Matteo Giunta difende lo sfogo sui social: Ero esasperato, mia figlia ricoverata due volte

Una reazione impulsiva nata dalla paura e dalla stanchezza di un padre, dopo giorni segnati da ricoveri e ansia per la salute della figlia, riaccende il dibattito su bambini malati portati a scuola e responsabilità collettiva.

matteo giunta

Negli ultimi anni i social sono spesso teatro di insulti gratuiti, alimentati da rabbia e frustrazione. Stavolta, però, la dinamica si è ribaltata. Matteo Giunta, allenatore e marito di Federica Pellegrini, ha attirato l’attenzione dopo un duro messaggio pubblicato su Instagram contro chi accompagna i figli all’asilo nonostante sintomi evidenti di malattia.

Lo sfogo è arrivato al termine di giorni complessi sul piano personale. La figlia della coppia è stata infatti ricoverata due volte in una sola settimana a causa di complicazioni respiratorie successive a convulsioni febbrili. Una situazione che ha spinto anche Pellegrini, incinta al settimo mese, a sospendere impegni professionali già programmati.

Leggi anche Federica Pellegrini annulla gli impegni: settimana difficile dopo lo sfogo di Matteo Giunta

Giunta ha spiegato di aver scritto quelle parole in un momento di forte tensione emotiva. La consapevolezza di aver usato toni eccessivi non cancella, però, il nodo centrale della questione. Secondo l’allenatore, il problema dei bambini malati lasciati a scuola è noto da tempo a chi lavora nel settore educativo.

Dopo il post, racconta di aver ricevuto numerosi messaggi da educatrici e insegnanti. Non critiche, ma ringraziamenti per aver portato alla luce una difficoltà quotidiana: classi frequentate da bambini con febbre o altri sintomi, spesso senza alcun controllo medico preventivo, con conseguenze per compagni, famiglie e personale scolastico.

Il ricordo dei ricoveri precedenti resta vivido. Giunta ha rievocato anche un episodio avvenuto a dicembre, quando la figlia aveva già affrontato convulsioni febbrili. Pur sapendo che si tratta di condizioni relativamente comuni in età pediatrica, viverle da genitore resta un’esperienza dolorosa.

Nel suo racconto emerge anche un tentativo di equilibrio. Giunta riconosce le difficoltà di molte famiglie impossibilitate ad assentarsi dal lavoro, ma sottolinea come le scelte individuali ricadano su altri genitori nelle stesse condizioni, costretti poi a gestire figli contagiati e improvvise emergenze.

Ripensando allo sfogo, ammette che oggi probabilmente eviterebbe l’insulto diretto. In quel momento, però, ha reagito d’istinto, spinto dalla paura e dalla stanchezza, consapevole che il clamore mediatico sia stato amplificato anche dall’uso di una parolaccia.

Giunta ha poi allargato lo sguardo al periodo successivo alla pandemia.
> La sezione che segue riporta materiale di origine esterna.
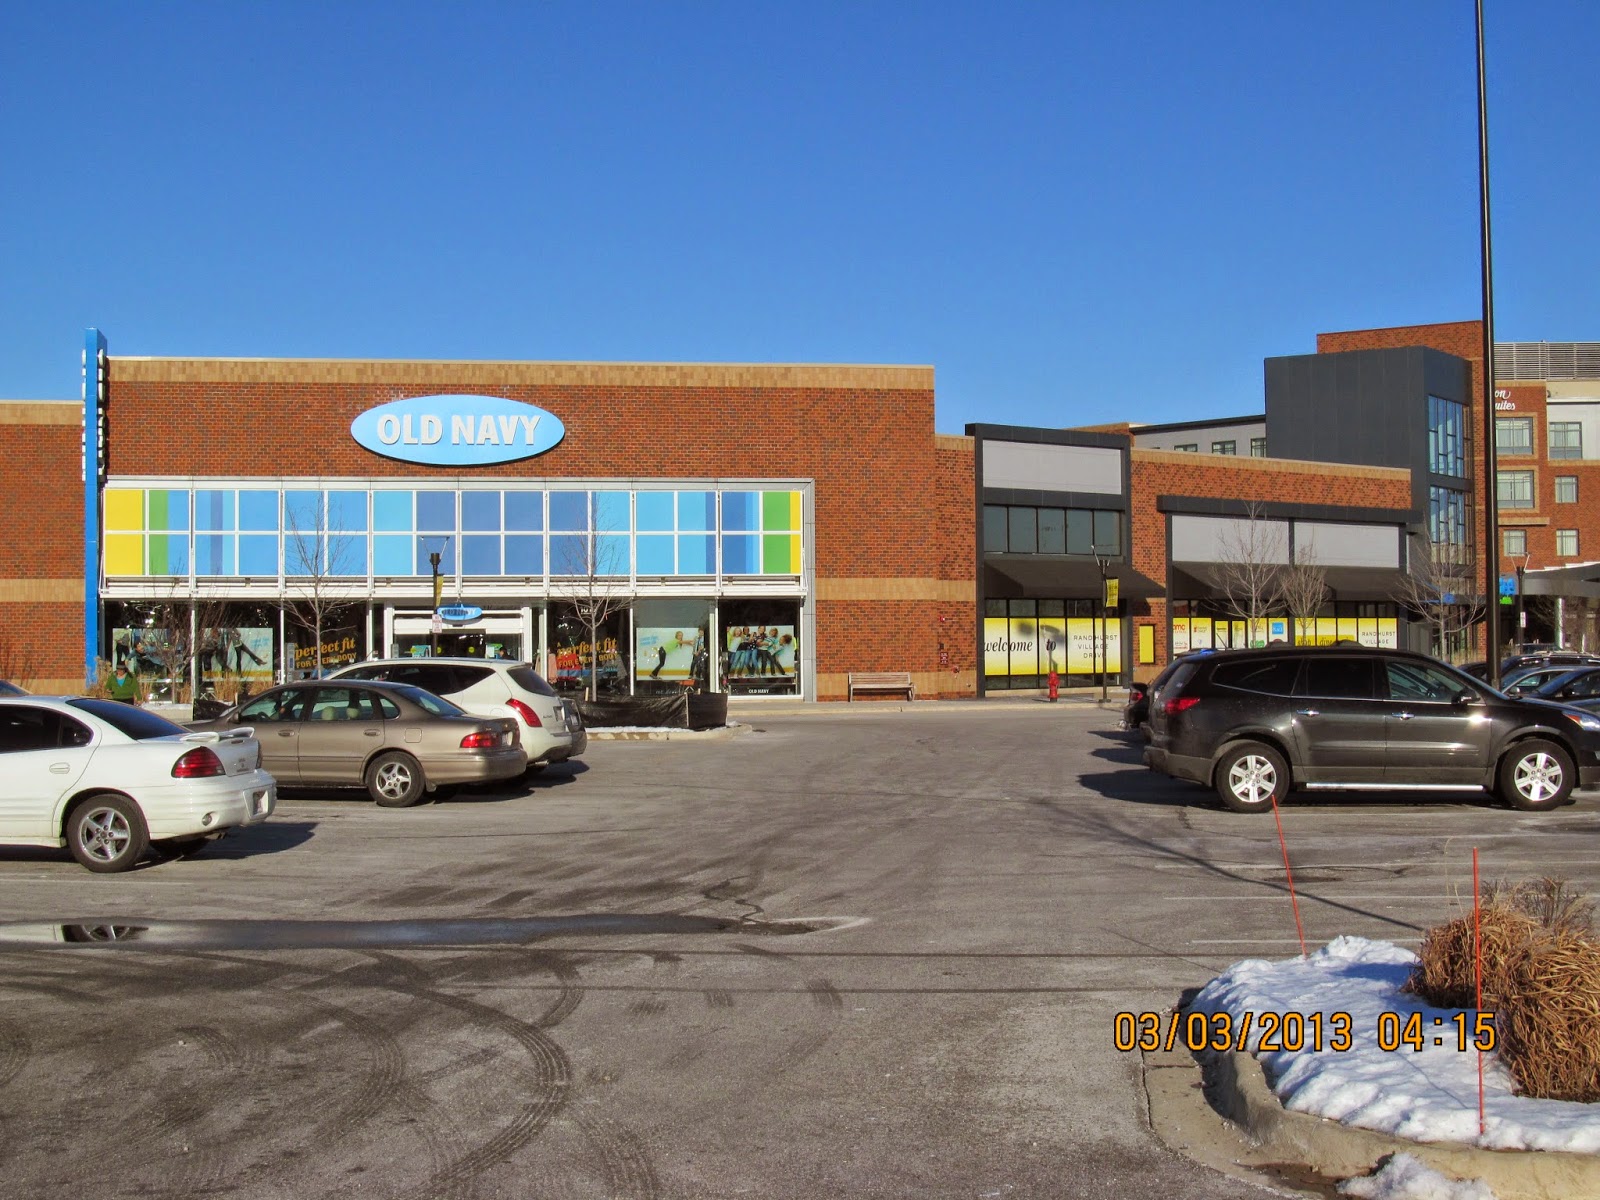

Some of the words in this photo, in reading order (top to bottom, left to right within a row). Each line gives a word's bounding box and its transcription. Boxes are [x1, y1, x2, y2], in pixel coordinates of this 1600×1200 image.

[1495, 400, 1516, 411] uites
[377, 414, 443, 446] OLD
[451, 414, 541, 446] NAVY
[295, 641, 339, 660] perect
[340, 637, 356, 653] fit
[603, 637, 617, 653] fit
[984, 637, 1033, 652] welcome
[1046, 638, 1057, 652] to
[296, 660, 311, 669] FOR
[599, 652, 618, 662] BODY
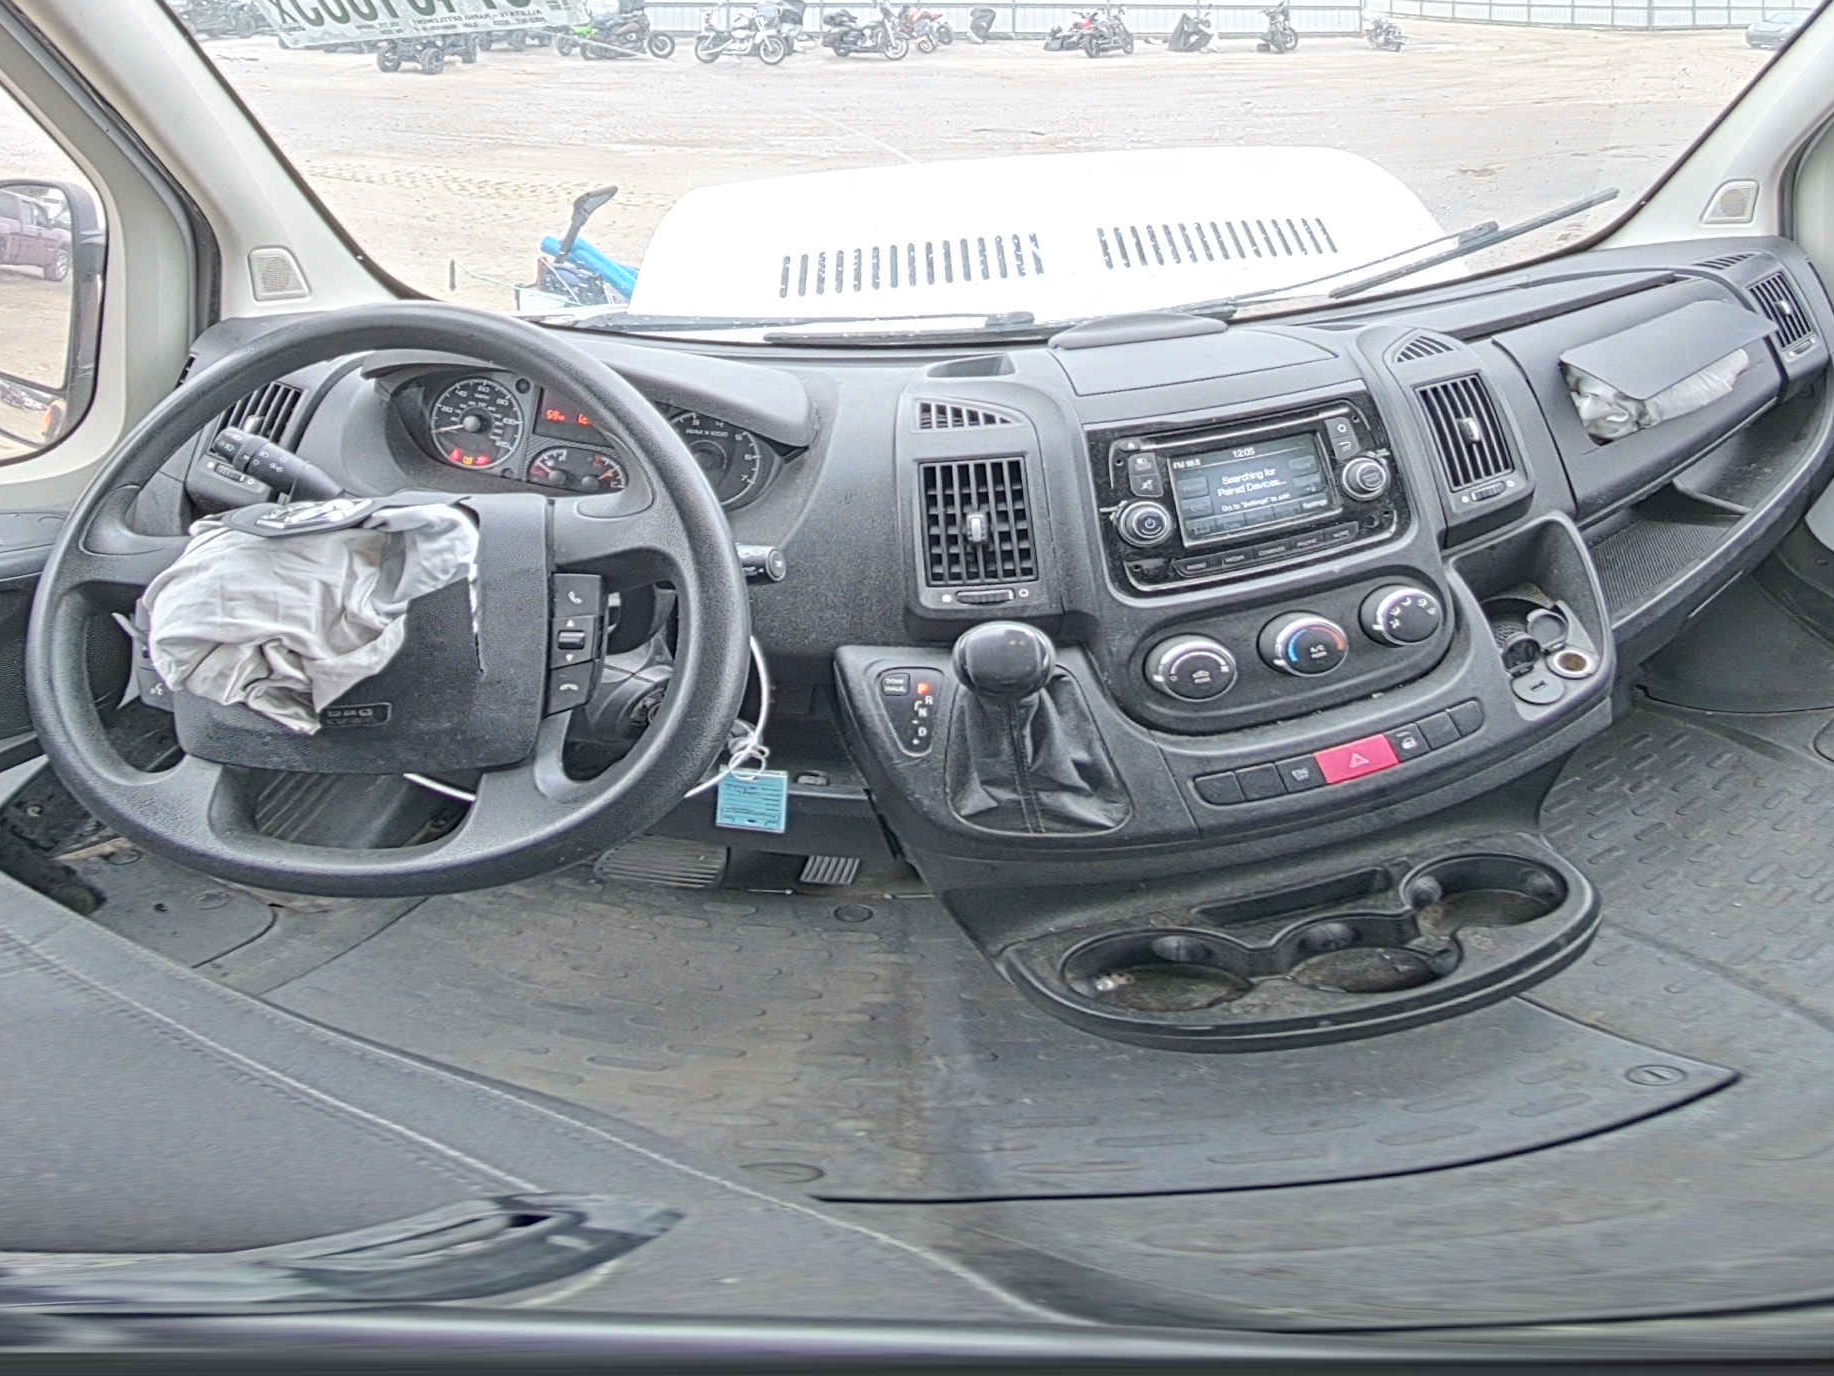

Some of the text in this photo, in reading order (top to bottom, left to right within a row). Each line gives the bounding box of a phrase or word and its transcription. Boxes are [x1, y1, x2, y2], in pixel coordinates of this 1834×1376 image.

[1232, 448, 1255, 458] 12:05
[1222, 468, 1276, 485] Searching for
[1217, 479, 1287, 497] Paired Devices...
[1302, 499, 1327, 509] Settings
[1225, 554, 1245, 562] MEDIA
[917, 683, 927, 694] P
[925, 696, 933, 706] R
[919, 708, 927, 718] N
[918, 727, 927, 737] D
Dopo anni di massima prudenza, osserva un cambiamento radicale: bambini con febbre o tosse vengono riportati in classe con maggiore leggerezza, senza più l’obbligo di certificazioni mediche.
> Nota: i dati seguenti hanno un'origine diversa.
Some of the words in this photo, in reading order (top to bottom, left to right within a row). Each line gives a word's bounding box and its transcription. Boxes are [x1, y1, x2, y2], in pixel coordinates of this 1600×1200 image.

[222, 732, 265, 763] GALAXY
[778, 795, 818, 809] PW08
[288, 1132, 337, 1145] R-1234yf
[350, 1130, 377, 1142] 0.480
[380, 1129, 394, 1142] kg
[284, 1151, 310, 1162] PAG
Secondo quanto riferito dalle insegnanti del nido frequentato dalla figlia, la situazione è diventata difficile da gestire. Le regole attuali impongono di accogliere quasi tutti, anche chi dovrebbe restare a casa, aumentando il rischio di contagio per educatrici, famiglie, nonni e bambini più fragili.

Il tema, ribadisce Giunta, resta quello della responsabilità condivisa all’interno di una comunità, dove le decisioni di pochi possono incidere sulla salute di molti.